What to work on:
Output the data unchanged and complete, minus the images.

Data to process:

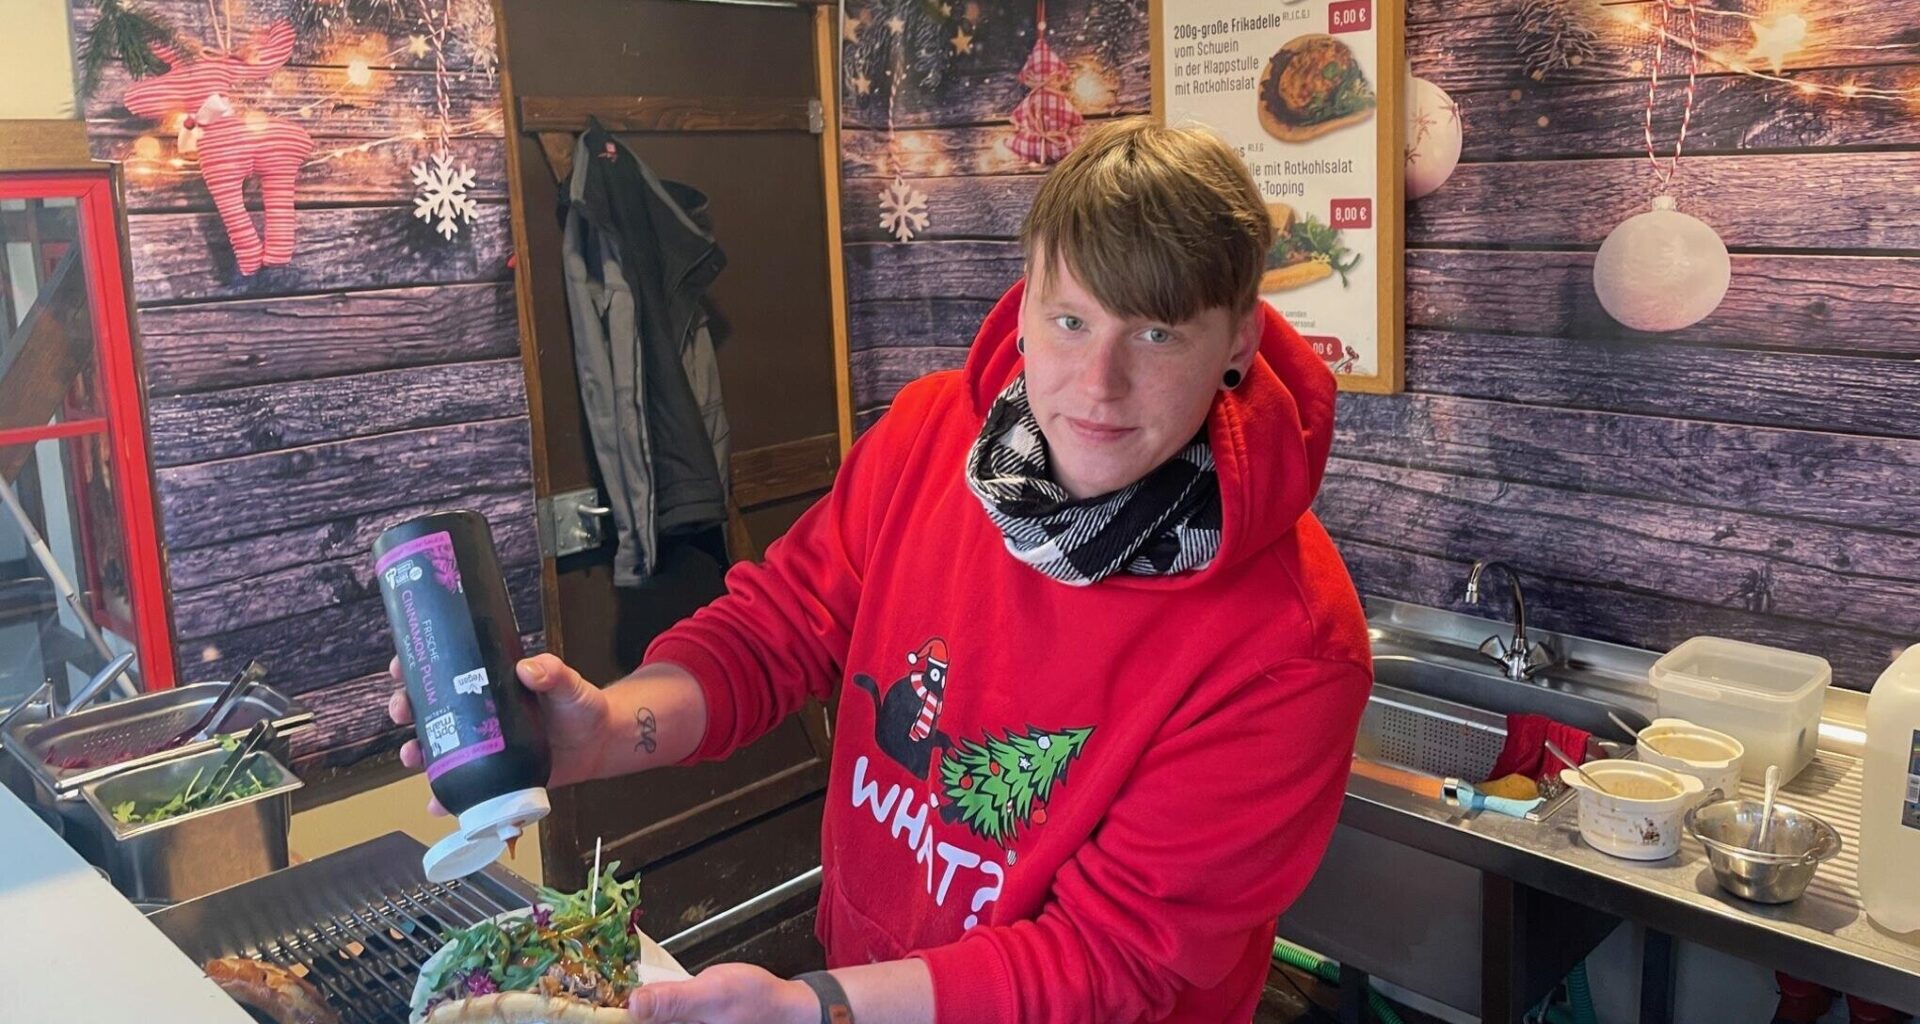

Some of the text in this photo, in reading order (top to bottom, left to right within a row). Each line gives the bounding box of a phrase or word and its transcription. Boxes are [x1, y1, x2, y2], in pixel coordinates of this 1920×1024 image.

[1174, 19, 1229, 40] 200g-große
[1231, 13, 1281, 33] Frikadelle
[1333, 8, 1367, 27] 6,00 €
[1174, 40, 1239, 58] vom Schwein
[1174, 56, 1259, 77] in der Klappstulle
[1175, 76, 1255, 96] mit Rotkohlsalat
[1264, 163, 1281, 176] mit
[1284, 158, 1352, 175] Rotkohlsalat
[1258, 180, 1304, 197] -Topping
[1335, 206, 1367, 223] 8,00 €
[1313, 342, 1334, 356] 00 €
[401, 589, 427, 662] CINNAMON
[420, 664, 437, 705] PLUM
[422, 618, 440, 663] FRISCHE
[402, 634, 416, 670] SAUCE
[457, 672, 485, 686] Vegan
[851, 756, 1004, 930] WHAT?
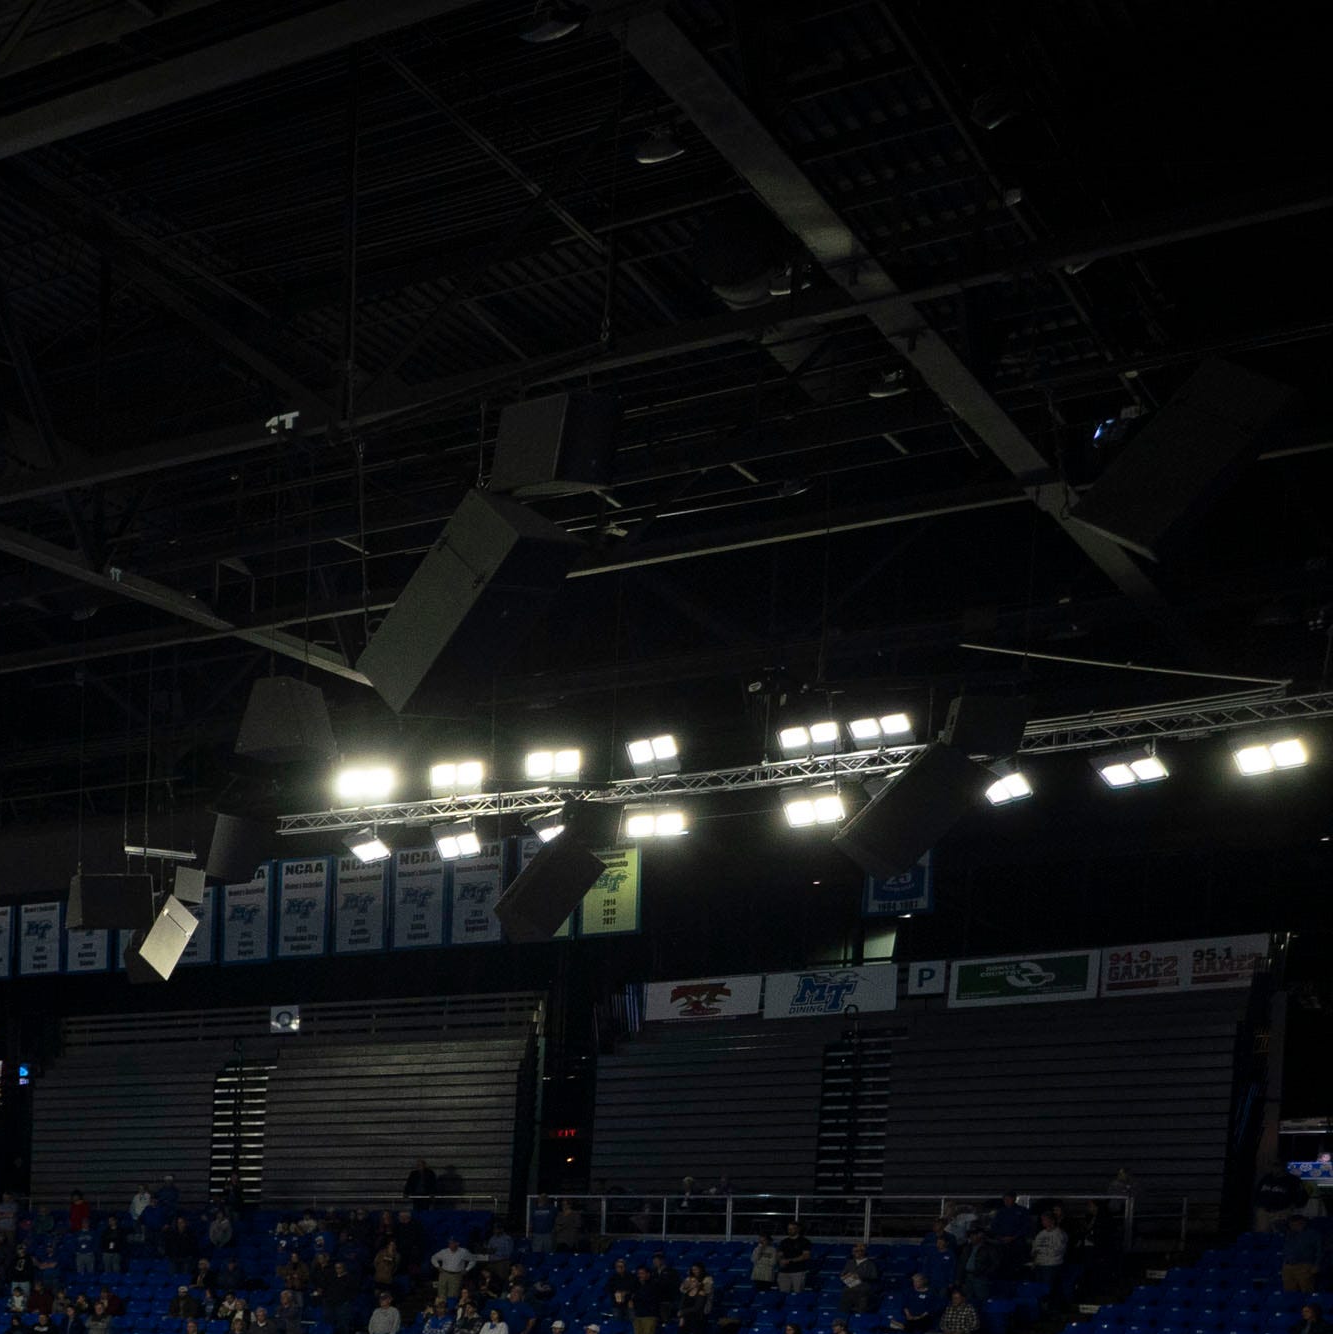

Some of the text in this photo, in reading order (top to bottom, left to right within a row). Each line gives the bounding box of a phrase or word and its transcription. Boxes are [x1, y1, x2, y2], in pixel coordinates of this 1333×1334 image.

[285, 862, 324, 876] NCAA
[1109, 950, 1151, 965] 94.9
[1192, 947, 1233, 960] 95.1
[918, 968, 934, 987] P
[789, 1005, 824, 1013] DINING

Solution for this problem:
Some of the text in this photo, in reading order (top to bottom, left to right within a row). Each line gives the bounding box of a phrase or word and its transcription. Boxes are [x1, y1, x2, y2], in pixel coordinates of this 1920×1024 image.

[1174, 19, 1229, 40] 200g-große
[1231, 13, 1281, 33] Frikadelle
[1333, 8, 1367, 27] 6,00 €
[1174, 40, 1239, 58] vom Schwein
[1174, 56, 1259, 77] in der Klappstulle
[1175, 76, 1255, 96] mit Rotkohlsalat
[1264, 163, 1281, 176] mit
[1284, 158, 1352, 175] Rotkohlsalat
[1258, 180, 1304, 197] -Topping
[1335, 206, 1367, 223] 8,00 €
[1313, 342, 1334, 356] 00 €
[401, 589, 427, 662] CINNAMON
[420, 664, 437, 705] PLUM
[422, 618, 440, 663] FRISCHE
[402, 634, 416, 670] SAUCE
[457, 672, 485, 686] Vegan
[851, 756, 1004, 930] WHAT?

Some of the text in this photo, in reading order (top to bottom, left to right within a row). Each line gives the bounding box of a phrase or word and its transcription. Boxes are [x1, y1, x2, y2], in pixel coordinates of this 1333×1334 image.

[285, 862, 324, 876] NCAA
[1109, 950, 1151, 965] 94.9
[1192, 947, 1233, 960] 95.1
[918, 968, 934, 987] P
[789, 1005, 824, 1013] DINING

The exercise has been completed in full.